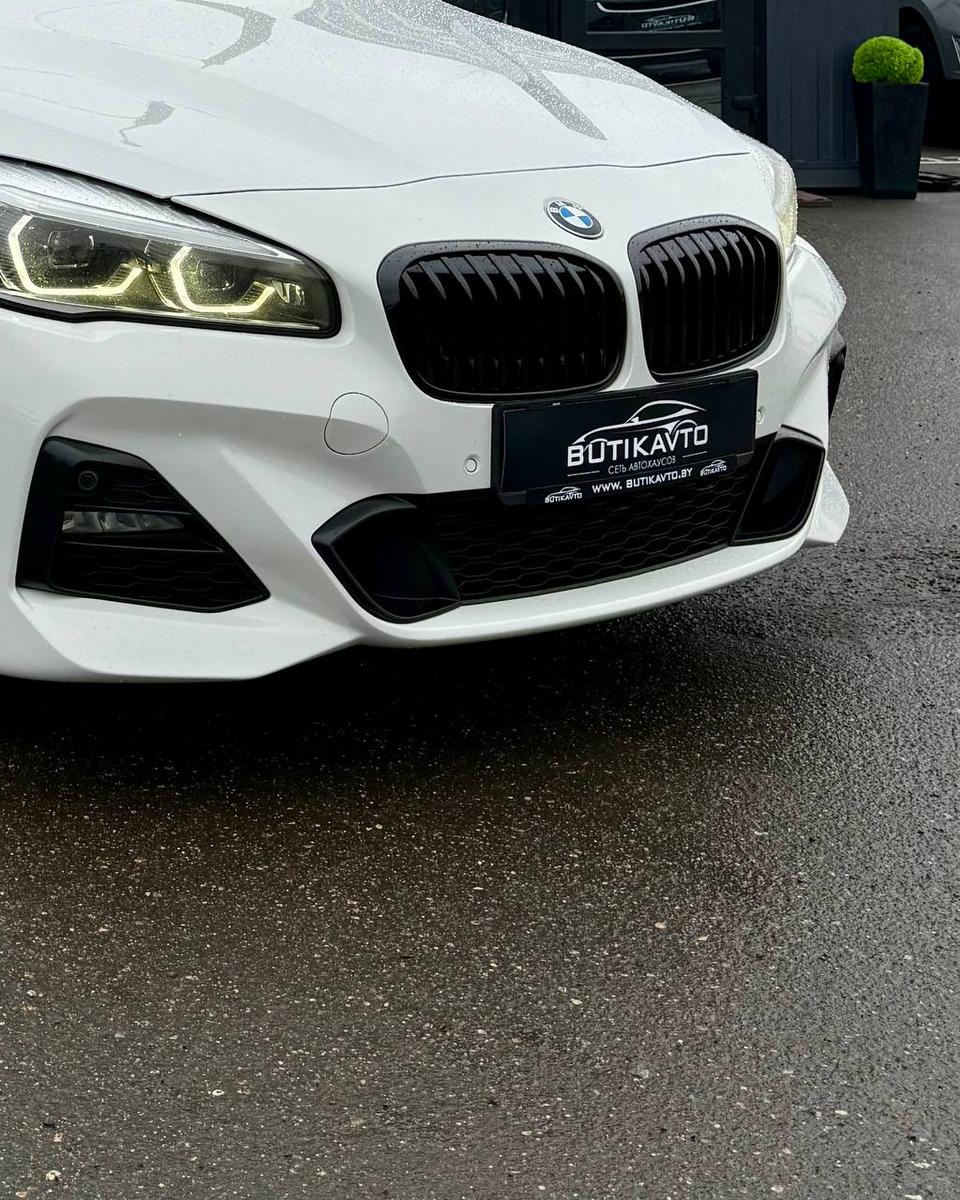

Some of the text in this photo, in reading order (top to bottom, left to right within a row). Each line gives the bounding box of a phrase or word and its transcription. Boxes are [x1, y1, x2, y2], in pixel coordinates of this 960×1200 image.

[567, 423, 709, 468] BUTIKAVTO
[607, 455, 676, 475] СЕТЬ АВТОХАУСОВ
[591, 467, 693, 494] WWW. BUTIKAVTO.BY
[544, 492, 583, 504] BUTIKAVTO
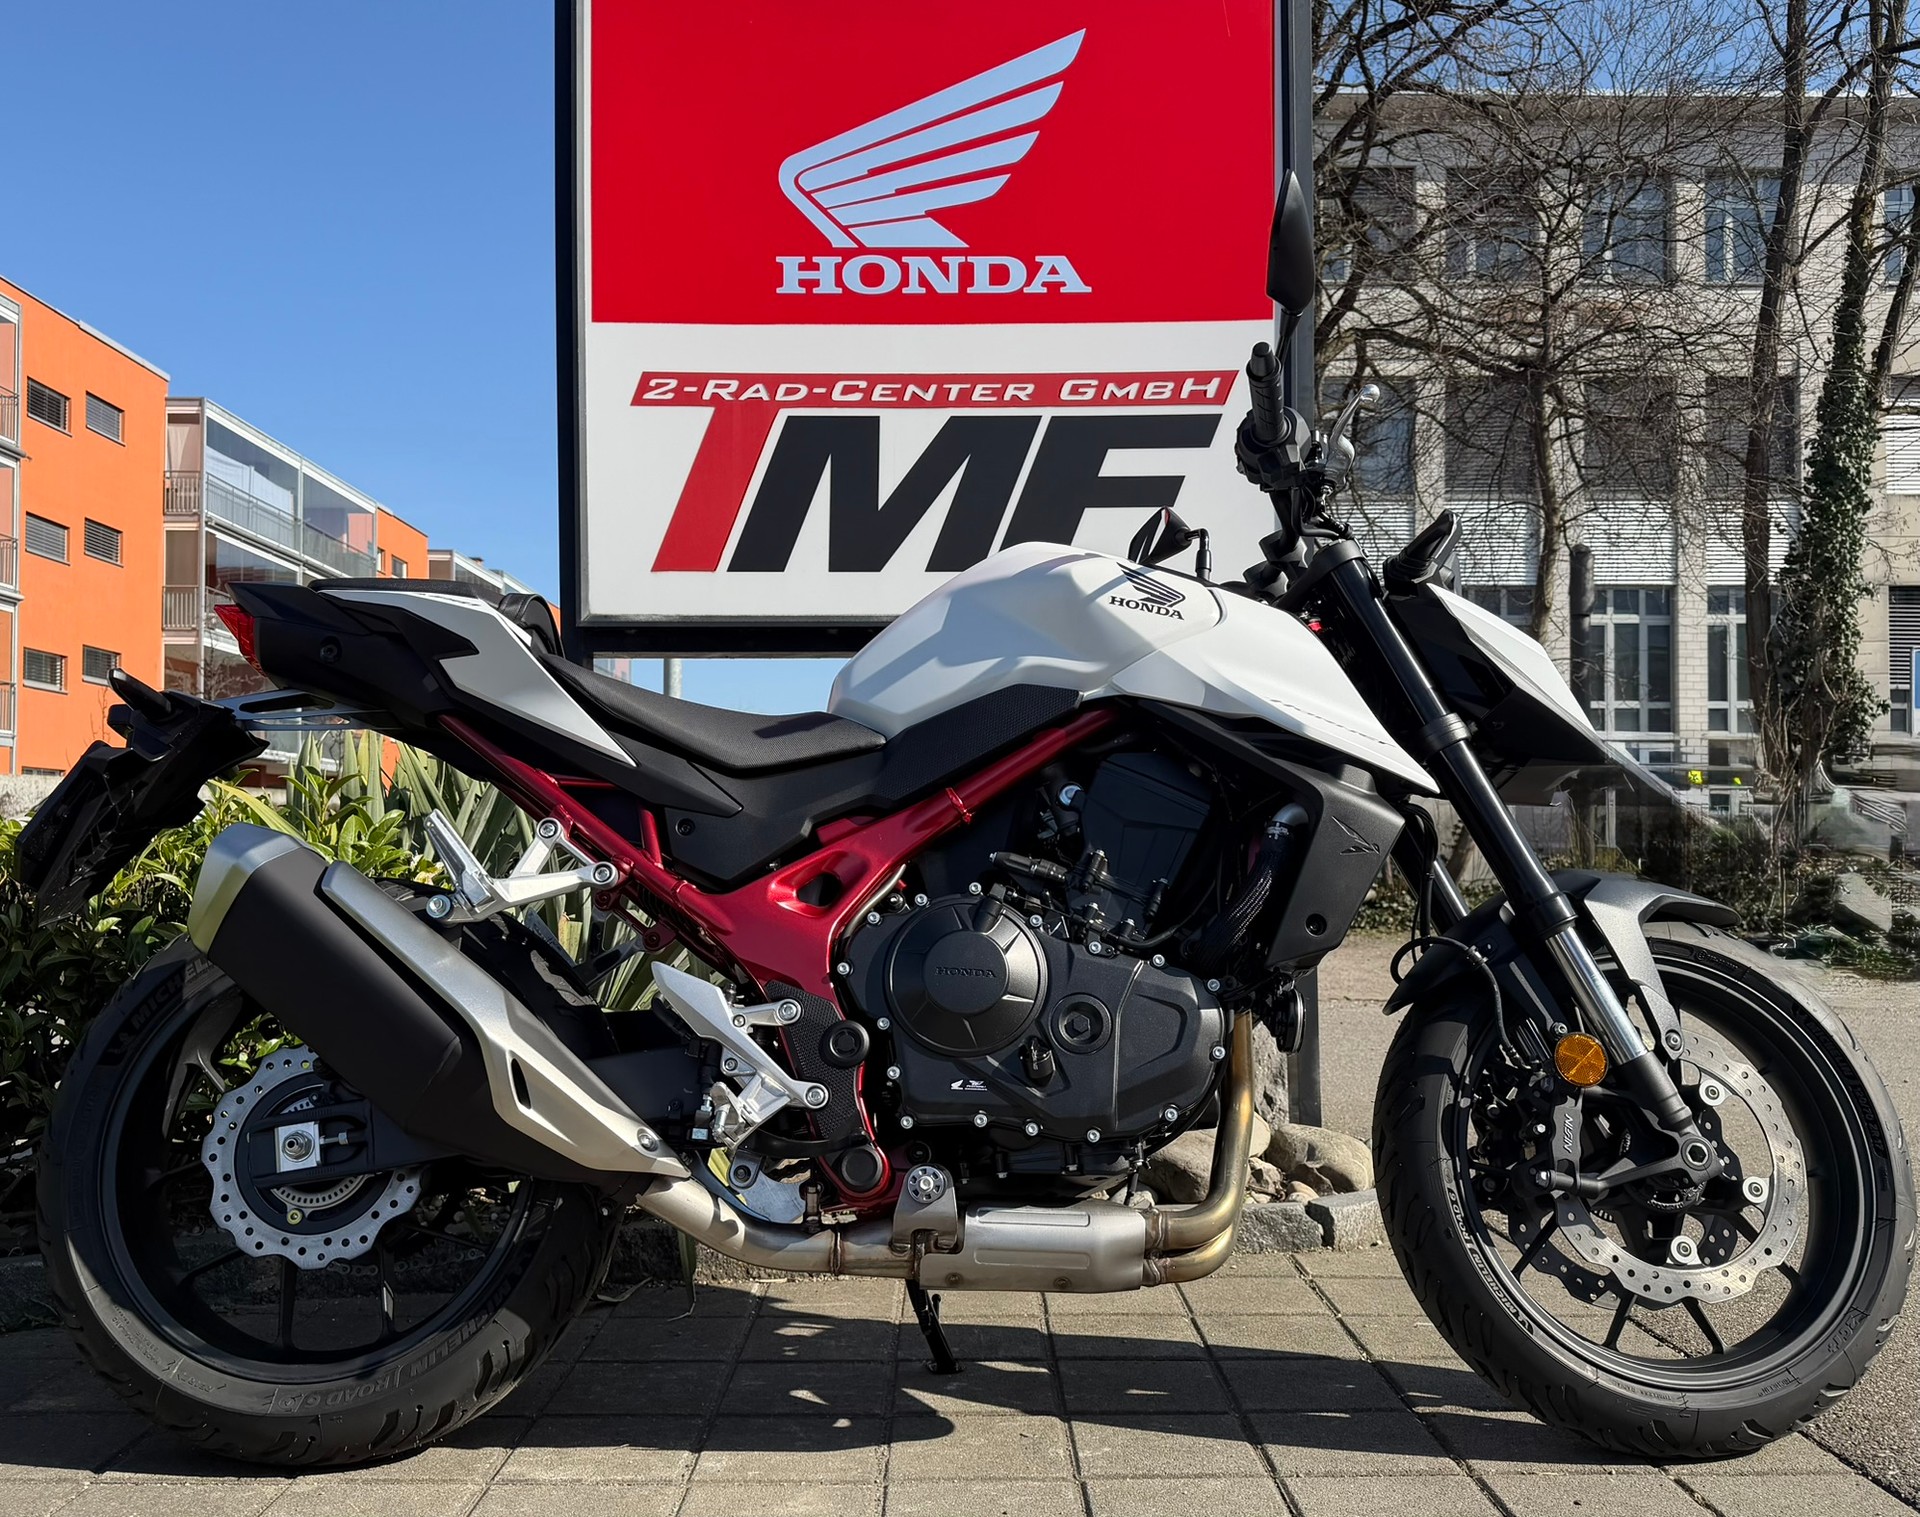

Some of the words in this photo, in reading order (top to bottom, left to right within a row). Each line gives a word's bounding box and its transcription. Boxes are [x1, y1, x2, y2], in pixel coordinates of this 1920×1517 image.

[776, 254, 1092, 294] HONDA
[650, 406, 1223, 573] TMF
[1109, 595, 1184, 620] HONDA
[934, 966, 997, 978] HONDA
[131, 957, 212, 1031] MICHEL
[1452, 1203, 1473, 1240] ROAD
[1472, 1252, 1517, 1314] MICHELIN
[325, 1377, 391, 1407] ROAD
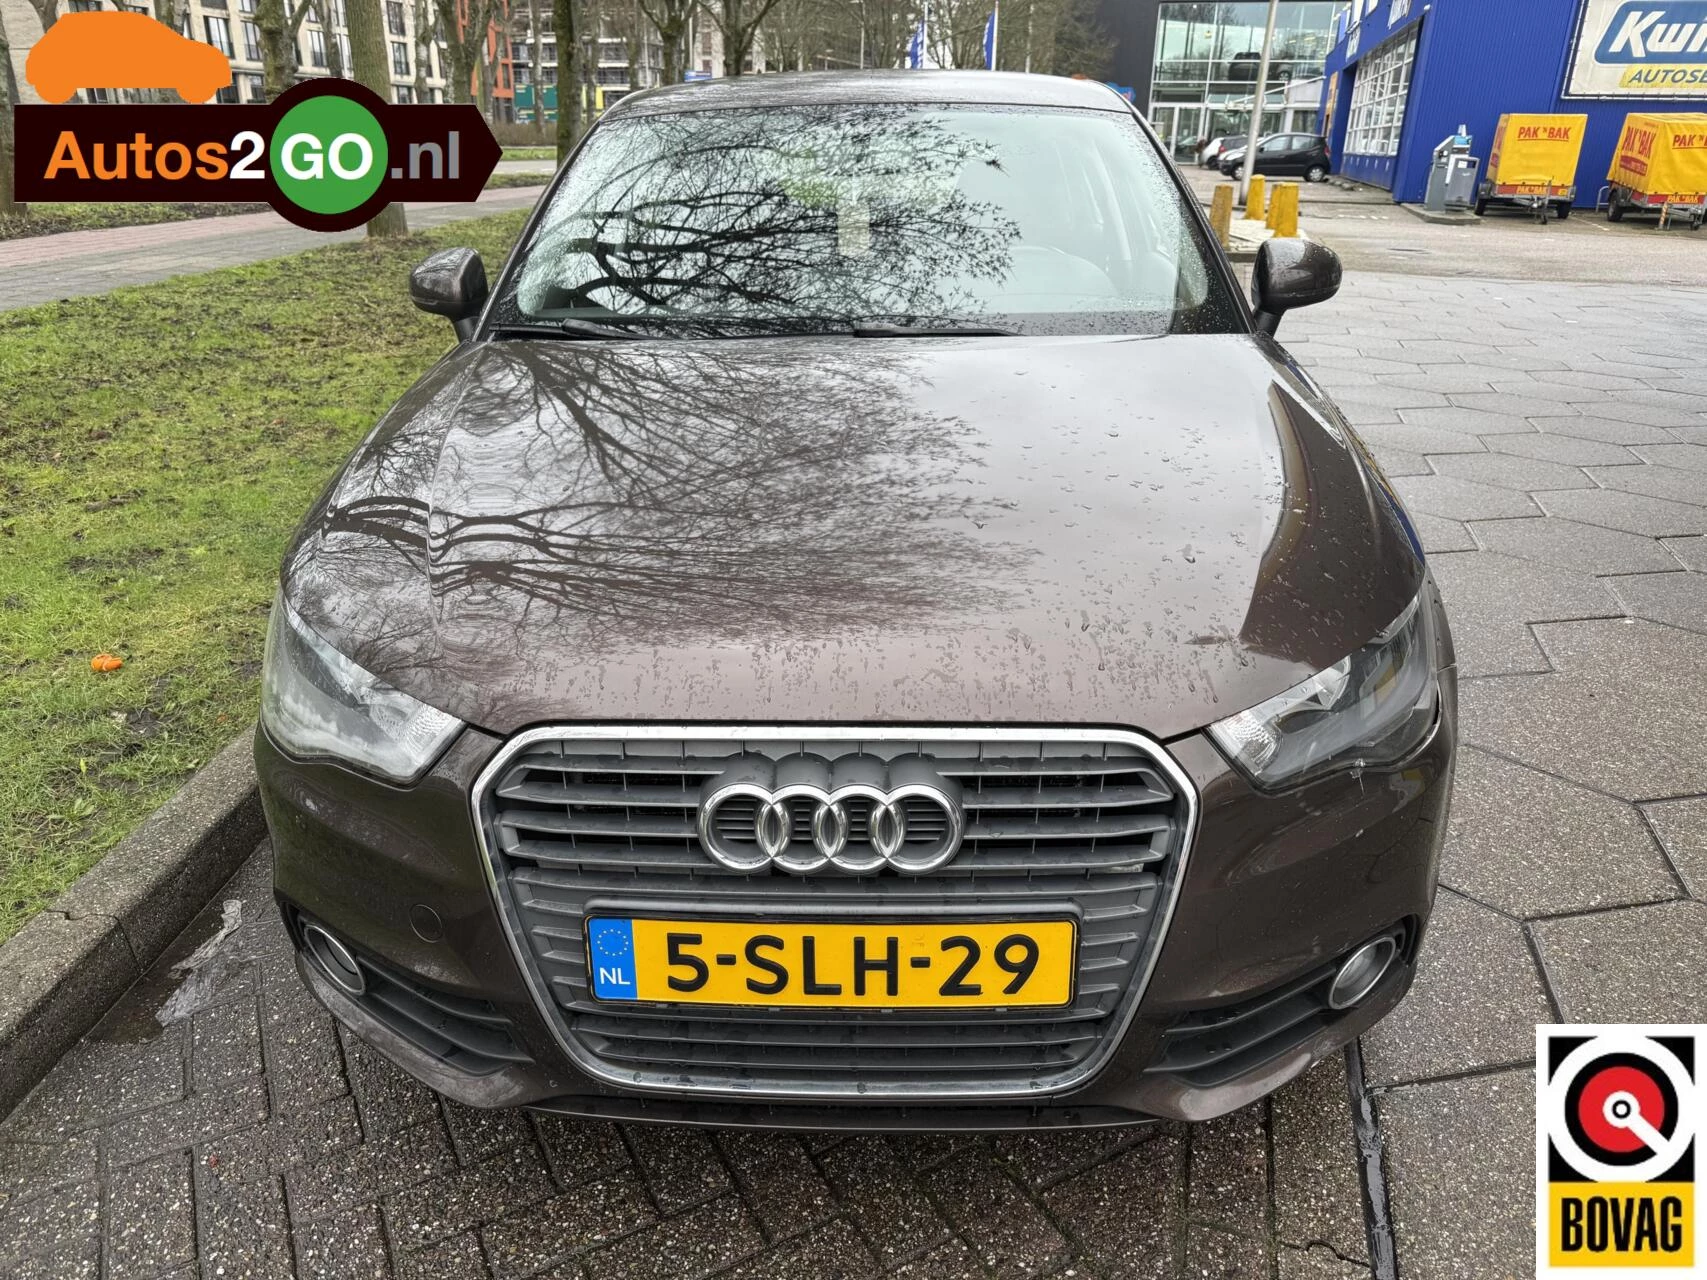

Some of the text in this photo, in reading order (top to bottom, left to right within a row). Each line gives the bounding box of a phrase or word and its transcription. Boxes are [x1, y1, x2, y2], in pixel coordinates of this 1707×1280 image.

[1609, 11, 1707, 57] Kwi
[1518, 127, 1540, 138] PAK
[1548, 127, 1571, 139] BAK
[1673, 134, 1696, 147] PAK
[667, 932, 1040, 996] 5-SLH-29
[600, 967, 631, 986] NL
^^^^^^^^^^^^^^^^
--- Goal of the exercise ---
A word-for-word transcription of the entries above, free of images, is what is wanted.

--- Result ---
Some of the text in this photo, in reading order (top to bottom, left to right within a row). Each line gives the bounding box of a phrase or word and its transcription. Boxes are [x1, y1, x2, y2], in pixel coordinates of this 960×1200 image.

[567, 423, 709, 468] BUTIKAVTO
[607, 455, 676, 475] СЕТЬ АВТОХАУСОВ
[591, 467, 693, 494] WWW. BUTIKAVTO.BY
[544, 492, 583, 504] BUTIKAVTO

Some of the words in this photo, in reading order (top to bottom, left to right within a row). Each line gives a word's bounding box and its transcription. Boxes are [x1, y1, x2, y2], in pixel coordinates of this 1920×1517 image.

[776, 254, 1092, 294] HONDA
[650, 406, 1223, 573] TMF
[1109, 595, 1184, 620] HONDA
[934, 966, 997, 978] HONDA
[131, 957, 212, 1031] MICHEL
[1452, 1203, 1473, 1240] ROAD
[1472, 1252, 1517, 1314] MICHELIN
[325, 1377, 391, 1407] ROAD

Some of the text in this photo, in reading order (top to bottom, left to right within a row). Each line gives the bounding box of a phrase or word and its transcription. Boxes are [x1, y1, x2, y2], in pixel coordinates of this 1707×1280 image.

[1609, 11, 1707, 57] Kwi
[1518, 127, 1540, 138] PAK
[1548, 127, 1571, 139] BAK
[1673, 134, 1696, 147] PAK
[667, 932, 1040, 996] 5-SLH-29
[600, 967, 631, 986] NL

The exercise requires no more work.